I have to say the thing I am most thankful for is something that I NEVER in my life thought I would be thankful for and that is infertility……..I know, weird right? Don’t get me wrong I hate going through infertility more than anything in this world, it has done a number not only on our bank account but it has taken its toll on us emotionally and has almost killed me twice. But this “horrible” disease that is standing in the way of my body ever carrying a child and makes me cry myself to sleep almost EVERY night for the past 4 years is also one of the biggest blessings of my life.
Infertility has made my marriage stronger and has made me love Josh more and more every day. Josh and I have been trying to have a baby together since 3 days after we got married and after I had 3 surgeries and gone through countless fertility treatments most men would have said “we just need to stop” my wonderful husband says “we will never give up.” He has been by my side through everything and he lifts me up whenever I get knocked down or feel too weak to continue on with this journey. Without his strength I don’t know if I would have made it this far so I am truly thankful for Joshua Blaine Henrickson!
Infertility has made me super close to my family as well; my sister, Mom and Dad have been so great during all of this by reassuring us that we are not alone and that they have out backs! My wonderful parents last year hosted a fundraiser to help us raise money to do an IVF cycle with no strings attached, they never made us feel like we owed them and we know they did it because they love us and want to see our dream come true (thank you to all of our family and friends who donated last year).
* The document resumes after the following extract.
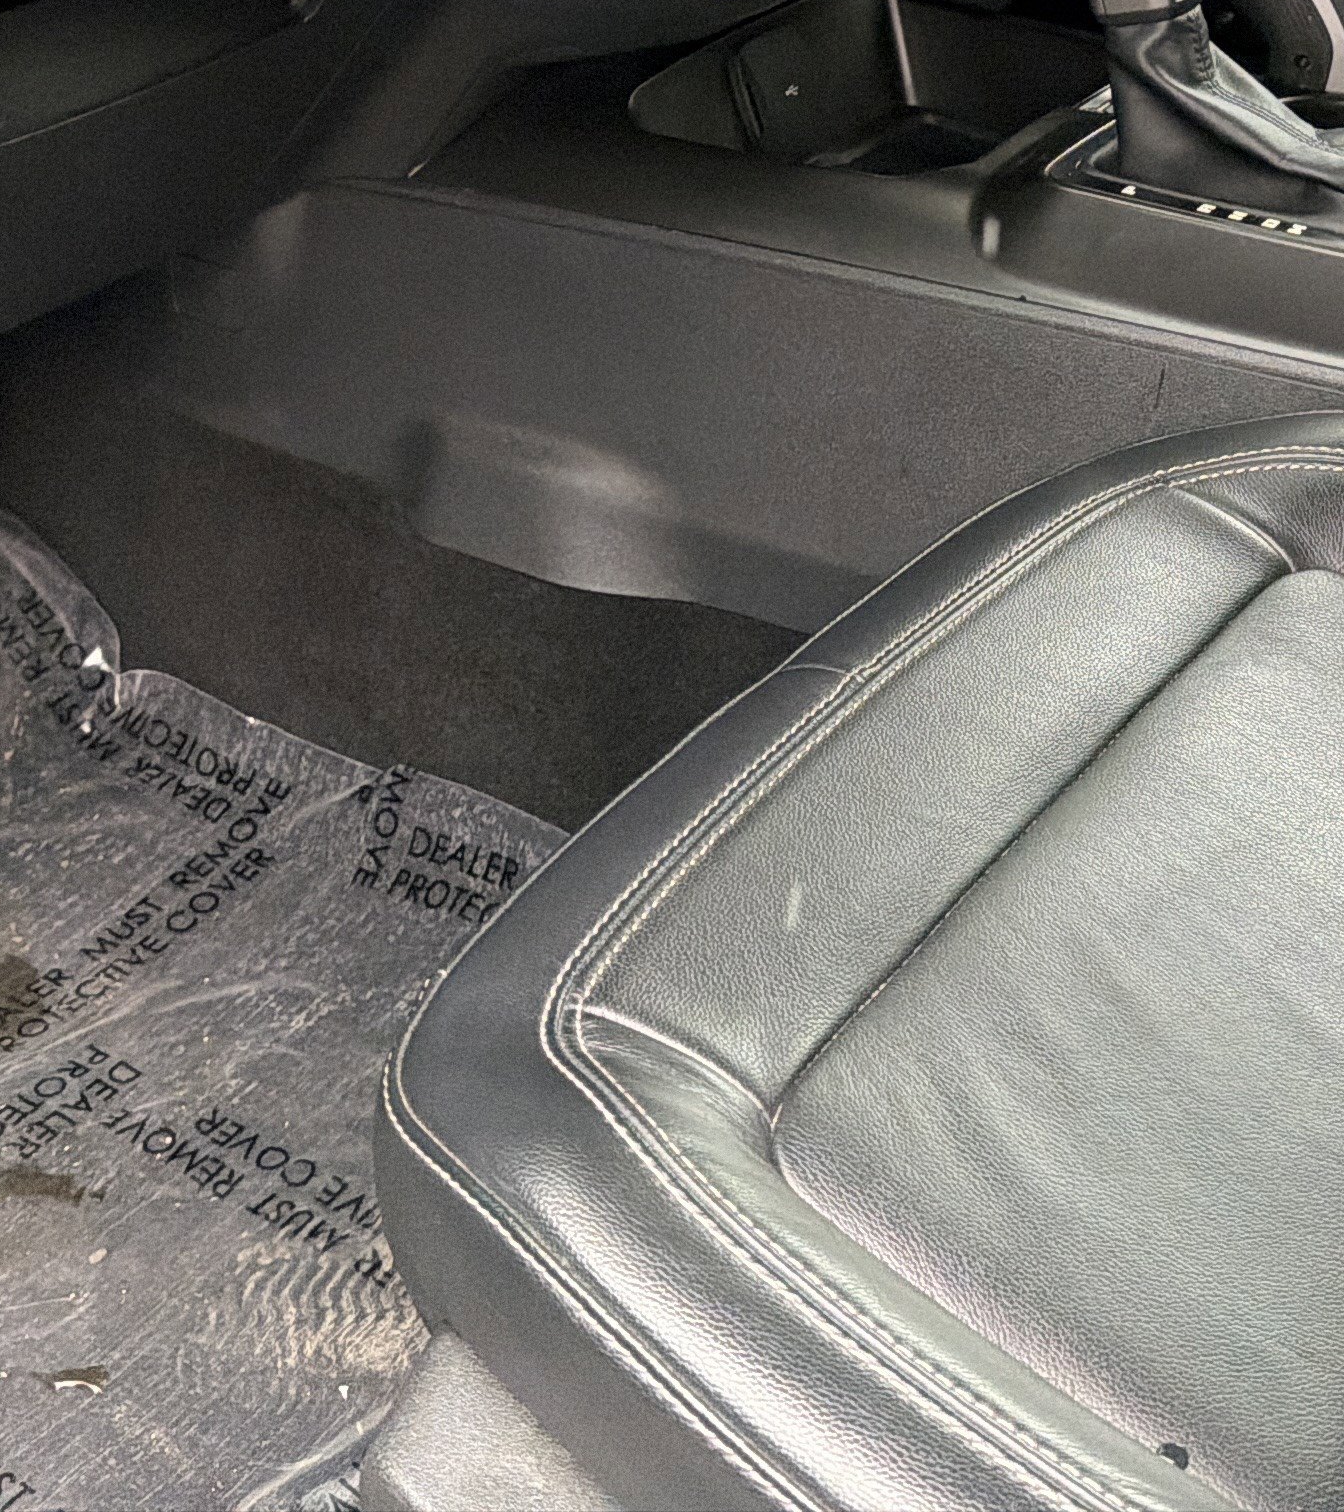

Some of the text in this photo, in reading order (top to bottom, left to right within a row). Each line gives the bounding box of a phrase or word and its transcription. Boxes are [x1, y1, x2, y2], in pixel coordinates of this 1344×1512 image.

My sister has held my hand and listened to me cry and has cried with me more times than I can count, she has been one of my biggest supporters and I cannot say how much I love her for all that she has done for us!
I was told once that this journey will make me see who my true friends are and boy were they right! I have had many friends just kind of disappear or will say things here and there but not many of them are right by my side calling to see how things are going and how we are holding up. To me these small things are a HUGE part of a friendship and when your “friend” is going through hard times no matter how long they are going through it, you should always show your support. I now know who my true friends are and who are not and I am sure the people who are not will read this and wonder if it’s them. To my friends that have been there for us, we thank you for even just a simple phone call or acknowledgement that you care, we love you!
This journey has also brought out people who I was never very close to, they have surprised us by donating to our fundraiser last year, offering their bodies for 9 months or offering their eggs to us. Words cannot describe how much these people mean to us! To those of you who were serious about helping us or who have helped us we want to thank you and know that Josh and I are forever grateful!
Because of infertility I have met some wonderful ladies, who have been on or are currently on this journey. These women have reassured me that what I am feeling is normal and that I am in fact not alone. Thank you for sharing your stories with me and giving me someone I can relate too.
4 years ago we met with our first fertility specialist Dr. Horvath and at first we thought he was kind of an ass but later showed us such compassion. When I was in the hospital he came into see me even though he wasn’t my attending, him and my nurse (Amy Alix) would call me just to see how I was feeling, he made us realize that he wasn’t in this for the success rate or money but that he really cared and wanted to help us. Sadly Dr. Horvath was diagnosed this summer with Liposarcoma was given only a few more months to live. He is a wonderful man and he will truly be missed!
Last but not least because of our struggles we know the importance of family and when we finally become pregnant and have our baby we will never take for granted this gift from God because we have been through hell and back to get him/her! Life of course isn’t fair and it feels as though we will be on this journey forever but someday and somehow Josh and I will have a baby together!
We love you
all and hope that you have a terrific Thanksgiving!